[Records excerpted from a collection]
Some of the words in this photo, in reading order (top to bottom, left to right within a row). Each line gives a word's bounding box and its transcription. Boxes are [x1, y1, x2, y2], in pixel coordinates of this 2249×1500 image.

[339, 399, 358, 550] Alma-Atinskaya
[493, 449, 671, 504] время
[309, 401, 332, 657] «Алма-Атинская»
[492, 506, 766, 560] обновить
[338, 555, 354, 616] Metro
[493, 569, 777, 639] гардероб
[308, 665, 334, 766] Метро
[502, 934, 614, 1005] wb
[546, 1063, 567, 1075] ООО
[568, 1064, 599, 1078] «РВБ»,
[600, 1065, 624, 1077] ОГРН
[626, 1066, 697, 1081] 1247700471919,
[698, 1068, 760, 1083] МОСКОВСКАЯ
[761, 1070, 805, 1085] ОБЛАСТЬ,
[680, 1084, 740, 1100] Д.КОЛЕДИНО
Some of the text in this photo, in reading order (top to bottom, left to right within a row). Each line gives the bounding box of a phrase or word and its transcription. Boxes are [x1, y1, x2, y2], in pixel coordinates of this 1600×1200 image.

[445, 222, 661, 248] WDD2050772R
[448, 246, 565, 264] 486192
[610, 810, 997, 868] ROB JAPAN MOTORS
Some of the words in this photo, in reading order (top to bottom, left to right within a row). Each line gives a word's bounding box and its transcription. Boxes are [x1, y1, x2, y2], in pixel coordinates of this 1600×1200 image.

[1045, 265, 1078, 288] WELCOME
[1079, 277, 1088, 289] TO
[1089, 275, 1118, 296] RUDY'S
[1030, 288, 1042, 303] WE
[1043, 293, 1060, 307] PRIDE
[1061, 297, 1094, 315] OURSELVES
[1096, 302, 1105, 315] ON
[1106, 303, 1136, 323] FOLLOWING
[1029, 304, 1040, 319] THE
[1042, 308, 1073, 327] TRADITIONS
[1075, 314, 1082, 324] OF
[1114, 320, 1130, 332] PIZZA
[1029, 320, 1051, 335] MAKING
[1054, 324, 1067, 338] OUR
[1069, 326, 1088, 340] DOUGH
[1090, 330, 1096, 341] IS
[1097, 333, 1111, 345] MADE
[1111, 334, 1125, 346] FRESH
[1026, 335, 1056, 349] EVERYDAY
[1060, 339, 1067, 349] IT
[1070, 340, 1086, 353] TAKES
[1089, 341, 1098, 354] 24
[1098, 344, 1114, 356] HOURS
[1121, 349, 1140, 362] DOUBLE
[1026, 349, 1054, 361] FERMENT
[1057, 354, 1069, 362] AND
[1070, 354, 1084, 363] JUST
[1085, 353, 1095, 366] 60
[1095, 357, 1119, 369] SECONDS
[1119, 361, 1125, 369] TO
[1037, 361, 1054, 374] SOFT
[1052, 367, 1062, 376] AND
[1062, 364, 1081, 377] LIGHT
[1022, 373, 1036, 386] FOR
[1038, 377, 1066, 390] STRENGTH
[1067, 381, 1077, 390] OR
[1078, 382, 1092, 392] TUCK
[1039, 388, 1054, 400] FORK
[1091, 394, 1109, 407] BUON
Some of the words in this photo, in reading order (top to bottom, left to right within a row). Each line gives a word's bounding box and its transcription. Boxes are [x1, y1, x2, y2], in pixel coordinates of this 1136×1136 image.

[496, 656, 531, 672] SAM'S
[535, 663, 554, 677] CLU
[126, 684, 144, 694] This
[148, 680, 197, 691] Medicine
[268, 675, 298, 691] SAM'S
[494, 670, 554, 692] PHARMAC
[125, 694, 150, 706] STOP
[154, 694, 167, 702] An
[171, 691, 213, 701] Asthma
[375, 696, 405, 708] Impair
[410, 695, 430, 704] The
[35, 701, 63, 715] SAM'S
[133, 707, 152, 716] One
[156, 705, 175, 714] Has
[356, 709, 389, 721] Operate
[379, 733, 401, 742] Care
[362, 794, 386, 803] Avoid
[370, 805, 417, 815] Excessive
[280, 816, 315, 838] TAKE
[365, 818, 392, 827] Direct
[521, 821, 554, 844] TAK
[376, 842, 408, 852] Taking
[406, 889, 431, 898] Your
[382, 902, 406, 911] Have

Prompt => The output should restate the data exactly, with no line missing.

Finished exercise =>
Some of the words in this photo, in reading order (top to bottom, left to right within a row). Each line gives a word's bounding box and its transcription. Boxes are [x1, y1, x2, y2], in pixel coordinates of this 2249×1500 image.

[339, 399, 358, 550] Alma-Atinskaya
[493, 449, 671, 504] время
[309, 401, 332, 657] «Алма-Атинская»
[492, 506, 766, 560] обновить
[338, 555, 354, 616] Metro
[493, 569, 777, 639] гардероб
[308, 665, 334, 766] Метро
[502, 934, 614, 1005] wb
[546, 1063, 567, 1075] ООО
[568, 1064, 599, 1078] «РВБ»,
[600, 1065, 624, 1077] ОГРН
[626, 1066, 697, 1081] 1247700471919,
[698, 1068, 760, 1083] МОСКОВСКАЯ
[761, 1070, 805, 1085] ОБЛАСТЬ,
[680, 1084, 740, 1100] Д.КОЛЕДИНО
Some of the text in this photo, in reading order (top to bottom, left to right within a row). Each line gives the bounding box of a phrase or word and its transcription. Boxes are [x1, y1, x2, y2], in pixel coordinates of this 1600×1200 image.

[445, 222, 661, 248] WDD2050772R
[448, 246, 565, 264] 486192
[610, 810, 997, 868] ROB JAPAN MOTORS
Some of the words in this photo, in reading order (top to bottom, left to right within a row). Each line gives a word's bounding box and its transcription. Boxes are [x1, y1, x2, y2], in pixel coordinates of this 1600×1200 image.

[1045, 265, 1078, 288] WELCOME
[1079, 277, 1088, 289] TO
[1089, 275, 1118, 296] RUDY'S
[1030, 288, 1042, 303] WE
[1043, 293, 1060, 307] PRIDE
[1061, 297, 1094, 315] OURSELVES
[1096, 302, 1105, 315] ON
[1106, 303, 1136, 323] FOLLOWING
[1029, 304, 1040, 319] THE
[1042, 308, 1073, 327] TRADITIONS
[1075, 314, 1082, 324] OF
[1114, 320, 1130, 332] PIZZA
[1029, 320, 1051, 335] MAKING
[1054, 324, 1067, 338] OUR
[1069, 326, 1088, 340] DOUGH
[1090, 330, 1096, 341] IS
[1097, 333, 1111, 345] MADE
[1111, 334, 1125, 346] FRESH
[1026, 335, 1056, 349] EVERYDAY
[1060, 339, 1067, 349] IT
[1070, 340, 1086, 353] TAKES
[1089, 341, 1098, 354] 24
[1098, 344, 1114, 356] HOURS
[1121, 349, 1140, 362] DOUBLE
[1026, 349, 1054, 361] FERMENT
[1057, 354, 1069, 362] AND
[1070, 354, 1084, 363] JUST
[1085, 353, 1095, 366] 60
[1095, 357, 1119, 369] SECONDS
[1119, 361, 1125, 369] TO
[1037, 361, 1054, 374] SOFT
[1052, 367, 1062, 376] AND
[1062, 364, 1081, 377] LIGHT
[1022, 373, 1036, 386] FOR
[1038, 377, 1066, 390] STRENGTH
[1067, 381, 1077, 390] OR
[1078, 382, 1092, 392] TUCK
[1039, 388, 1054, 400] FORK
[1091, 394, 1109, 407] BUON
Some of the words in this photo, in reading order (top to bottom, left to right within a row). Each line gives a word's bounding box and its transcription. Boxes are [x1, y1, x2, y2], in pixel coordinates of this 1136×1136 image.

[496, 656, 531, 672] SAM'S
[535, 663, 554, 677] CLU
[126, 684, 144, 694] This
[148, 680, 197, 691] Medicine
[268, 675, 298, 691] SAM'S
[494, 670, 554, 692] PHARMAC
[125, 694, 150, 706] STOP
[154, 694, 167, 702] An
[171, 691, 213, 701] Asthma
[375, 696, 405, 708] Impair
[410, 695, 430, 704] The
[35, 701, 63, 715] SAM'S
[133, 707, 152, 716] One
[156, 705, 175, 714] Has
[356, 709, 389, 721] Operate
[379, 733, 401, 742] Care
[362, 794, 386, 803] Avoid
[370, 805, 417, 815] Excessive
[280, 816, 315, 838] TAKE
[365, 818, 392, 827] Direct
[521, 821, 554, 844] TAK
[376, 842, 408, 852] Taking
[406, 889, 431, 898] Your
[382, 902, 406, 911] Have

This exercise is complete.